++++ Study material ++++

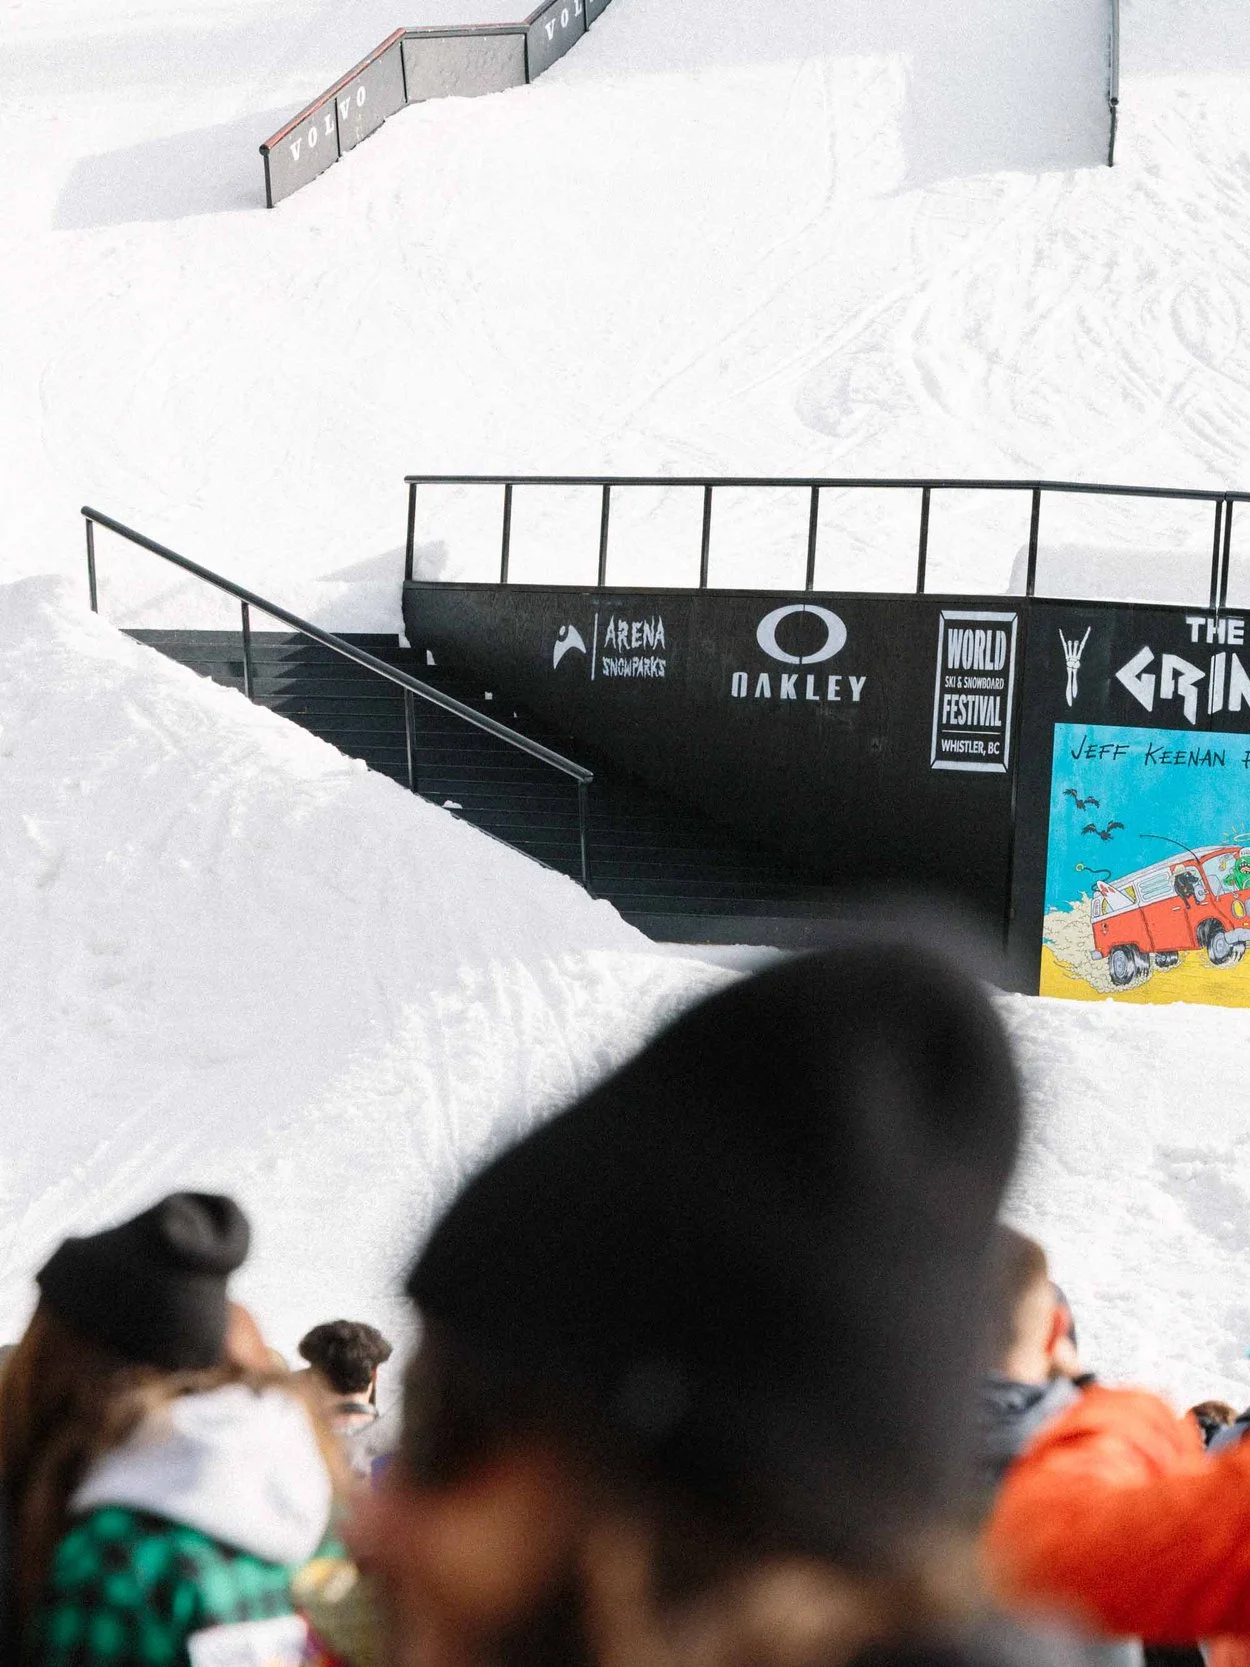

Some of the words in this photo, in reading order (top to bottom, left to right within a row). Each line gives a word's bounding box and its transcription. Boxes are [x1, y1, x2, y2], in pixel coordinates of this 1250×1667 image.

[290, 86, 366, 161] VOLVO
[604, 615, 666, 654] ARENA
[1185, 616, 1245, 646] THE
[947, 628, 1007, 671] WORLD
[602, 655, 667, 679] SNOWPARKS
[944, 675, 956, 688] SKI
[957, 676, 962, 689] &
[963, 676, 1005, 690] SNOWBOARD
[731, 671, 867, 702] OAKLEY
[942, 693, 1002, 727] FESTIVAL
[941, 738, 986, 756] WHISTLER,
[988, 742, 1000, 755] BC
[1071, 735, 1130, 761] JEFF
[1144, 742, 1226, 768] KEENAN

++++

Task to complete:
Every line of the data should be copied as it stands, without the images.

Task output:
Some of the words in this photo, in reading order (top to bottom, left to right within a row). Each line gives a word's bounding box and its transcription. Boxes are [x1, y1, x2, y2], in pixel coordinates of this 1250×1667 image.

[290, 86, 366, 161] VOLVO
[604, 615, 666, 654] ARENA
[1185, 616, 1245, 646] THE
[947, 628, 1007, 671] WORLD
[602, 655, 667, 679] SNOWPARKS
[944, 675, 956, 688] SKI
[957, 676, 962, 689] &
[963, 676, 1005, 690] SNOWBOARD
[731, 671, 867, 702] OAKLEY
[942, 693, 1002, 727] FESTIVAL
[941, 738, 986, 756] WHISTLER,
[988, 742, 1000, 755] BC
[1071, 735, 1130, 761] JEFF
[1144, 742, 1226, 768] KEENAN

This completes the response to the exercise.